▼

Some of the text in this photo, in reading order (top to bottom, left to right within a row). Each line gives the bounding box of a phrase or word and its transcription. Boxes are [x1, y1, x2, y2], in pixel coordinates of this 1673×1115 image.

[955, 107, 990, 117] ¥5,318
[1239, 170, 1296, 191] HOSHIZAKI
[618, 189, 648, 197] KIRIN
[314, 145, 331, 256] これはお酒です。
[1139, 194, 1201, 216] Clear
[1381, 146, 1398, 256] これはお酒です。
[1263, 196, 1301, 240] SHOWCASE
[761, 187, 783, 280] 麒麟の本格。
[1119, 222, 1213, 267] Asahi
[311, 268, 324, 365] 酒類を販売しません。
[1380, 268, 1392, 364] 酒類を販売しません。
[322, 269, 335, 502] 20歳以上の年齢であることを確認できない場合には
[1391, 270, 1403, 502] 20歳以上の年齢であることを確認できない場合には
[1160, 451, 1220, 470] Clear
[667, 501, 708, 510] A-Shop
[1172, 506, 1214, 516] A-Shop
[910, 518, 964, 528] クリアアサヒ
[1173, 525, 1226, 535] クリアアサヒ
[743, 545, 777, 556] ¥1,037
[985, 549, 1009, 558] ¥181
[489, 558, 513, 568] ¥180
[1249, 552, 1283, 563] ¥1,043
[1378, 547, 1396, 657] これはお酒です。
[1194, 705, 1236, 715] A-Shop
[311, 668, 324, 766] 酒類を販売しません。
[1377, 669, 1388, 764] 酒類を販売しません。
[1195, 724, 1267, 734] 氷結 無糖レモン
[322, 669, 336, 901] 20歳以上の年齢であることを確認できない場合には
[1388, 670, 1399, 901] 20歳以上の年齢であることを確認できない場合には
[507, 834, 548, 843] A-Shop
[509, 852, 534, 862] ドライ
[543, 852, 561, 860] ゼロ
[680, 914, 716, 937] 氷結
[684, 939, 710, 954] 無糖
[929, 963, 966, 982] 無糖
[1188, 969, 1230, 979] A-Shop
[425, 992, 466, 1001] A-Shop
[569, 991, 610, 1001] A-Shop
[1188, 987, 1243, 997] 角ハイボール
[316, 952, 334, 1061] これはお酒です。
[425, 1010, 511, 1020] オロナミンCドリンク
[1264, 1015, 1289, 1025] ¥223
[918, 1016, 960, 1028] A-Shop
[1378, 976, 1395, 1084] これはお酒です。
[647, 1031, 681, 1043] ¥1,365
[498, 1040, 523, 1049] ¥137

▲

» Prompt
Every record should be given again exactly.

» Solution for this problem
Some of the text in this photo, in reading order (top to bottom, left to right within a row). Each line gives the bounding box of a phrase or word and its transcription. Boxes are [x1, y1, x2, y2], in pixel coordinates of this 1673×1115 image.

[955, 107, 990, 117] ¥5,318
[1239, 170, 1296, 191] HOSHIZAKI
[618, 189, 648, 197] KIRIN
[314, 145, 331, 256] これはお酒です。
[1139, 194, 1201, 216] Clear
[1381, 146, 1398, 256] これはお酒です。
[1263, 196, 1301, 240] SHOWCASE
[761, 187, 783, 280] 麒麟の本格。
[1119, 222, 1213, 267] Asahi
[311, 268, 324, 365] 酒類を販売しません。
[1380, 268, 1392, 364] 酒類を販売しません。
[322, 269, 335, 502] 20歳以上の年齢であることを確認できない場合には
[1391, 270, 1403, 502] 20歳以上の年齢であることを確認できない場合には
[1160, 451, 1220, 470] Clear
[667, 501, 708, 510] A-Shop
[1172, 506, 1214, 516] A-Shop
[910, 518, 964, 528] クリアアサヒ
[1173, 525, 1226, 535] クリアアサヒ
[743, 545, 777, 556] ¥1,037
[985, 549, 1009, 558] ¥181
[489, 558, 513, 568] ¥180
[1249, 552, 1283, 563] ¥1,043
[1378, 547, 1396, 657] これはお酒です。
[1194, 705, 1236, 715] A-Shop
[311, 668, 324, 766] 酒類を販売しません。
[1377, 669, 1388, 764] 酒類を販売しません。
[1195, 724, 1267, 734] 氷結 無糖レモン
[322, 669, 336, 901] 20歳以上の年齢であることを確認できない場合には
[1388, 670, 1399, 901] 20歳以上の年齢であることを確認できない場合には
[507, 834, 548, 843] A-Shop
[509, 852, 534, 862] ドライ
[543, 852, 561, 860] ゼロ
[680, 914, 716, 937] 氷結
[684, 939, 710, 954] 無糖
[929, 963, 966, 982] 無糖
[1188, 969, 1230, 979] A-Shop
[425, 992, 466, 1001] A-Shop
[569, 991, 610, 1001] A-Shop
[1188, 987, 1243, 997] 角ハイボール
[316, 952, 334, 1061] これはお酒です。
[425, 1010, 511, 1020] オロナミンCドリンク
[1264, 1015, 1289, 1025] ¥223
[918, 1016, 960, 1028] A-Shop
[1378, 976, 1395, 1084] これはお酒です。
[647, 1031, 681, 1043] ¥1,365
[498, 1040, 523, 1049] ¥137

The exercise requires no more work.